Exercise: All of the data below should be printed again word for word, pictures excluded.

Entries shown:

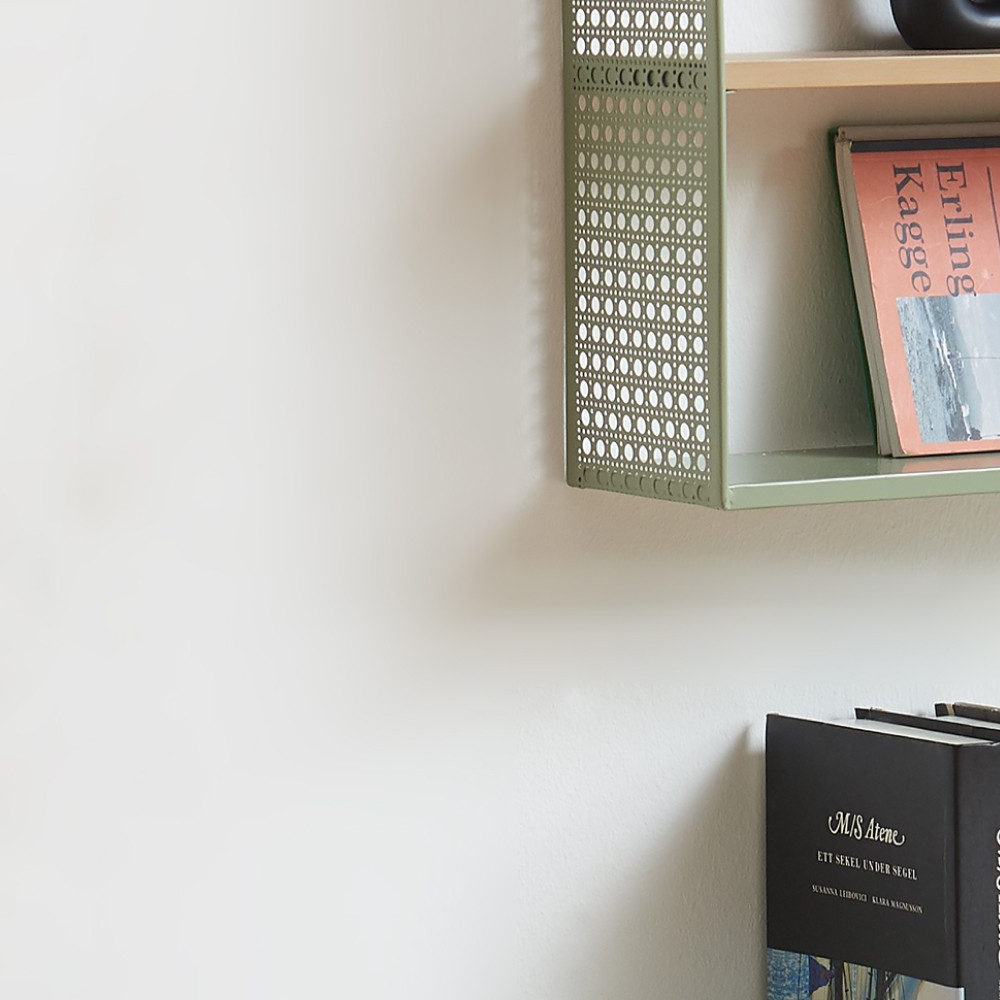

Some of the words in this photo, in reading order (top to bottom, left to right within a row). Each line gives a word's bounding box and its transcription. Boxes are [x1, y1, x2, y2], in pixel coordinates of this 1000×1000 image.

[892, 163, 932, 293] Kagge
[935, 161, 977, 297] Erling
[817, 850, 834, 863] ETT
[835, 854, 861, 868] SEKEL
[863, 859, 891, 875] UNDER
[892, 865, 918, 880] SEGEL
[827, 811, 863, 840] M/S
[864, 817, 906, 846] Atene
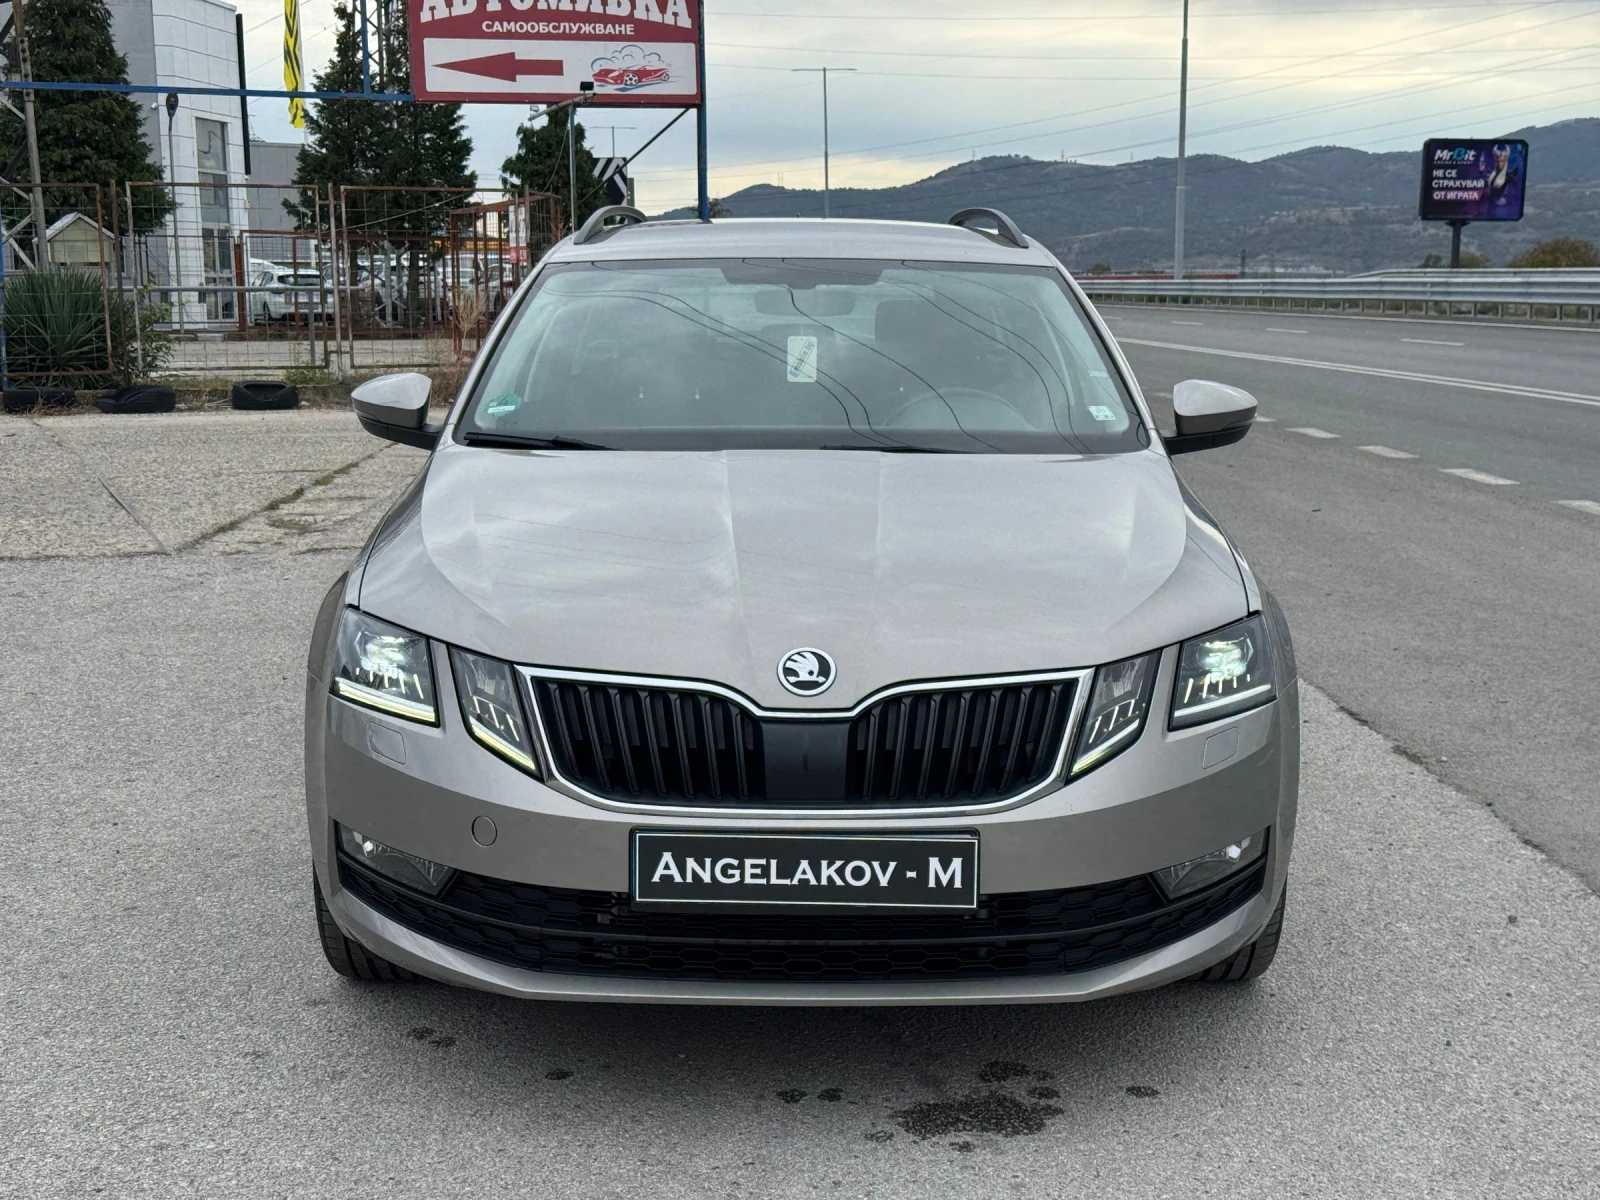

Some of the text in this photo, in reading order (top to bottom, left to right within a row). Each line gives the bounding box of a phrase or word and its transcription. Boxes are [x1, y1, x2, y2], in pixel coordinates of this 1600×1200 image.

[482, 21, 635, 35] САМООБСЛУЖВАНЕ
[1434, 147, 1476, 160] MrBit
[1433, 169, 1457, 178] НЕ СЕ
[1432, 179, 1485, 188] СТРАХУВАЙ
[1433, 191, 1479, 200] ОТ ИГРАТА
[927, 856, 964, 889] M

Task result:
Some of the words in this photo, in reading order (top to bottom, left to right within a row). Each line gives a word's bounding box and its transcription. Boxes are [x1, y1, x2, y2], in pixel coordinates of this 1000×1000 image.

[892, 163, 932, 293] Kagge
[935, 161, 977, 297] Erling
[817, 850, 834, 863] ETT
[835, 854, 861, 868] SEKEL
[863, 859, 891, 875] UNDER
[892, 865, 918, 880] SEGEL
[827, 811, 863, 840] M/S
[864, 817, 906, 846] Atene

Some of the text in this photo, in reading order (top to bottom, left to right within a row). Each line gives the bounding box of a phrase or word and its transcription. Boxes are [x1, y1, x2, y2], in pixel coordinates of this 1600×1200 image.

[482, 21, 635, 35] САМООБСЛУЖВАНЕ
[1434, 147, 1476, 160] MrBit
[1433, 169, 1457, 178] НЕ СЕ
[1432, 179, 1485, 188] СТРАХУВАЙ
[1433, 191, 1479, 200] ОТ ИГРАТА
[927, 856, 964, 889] M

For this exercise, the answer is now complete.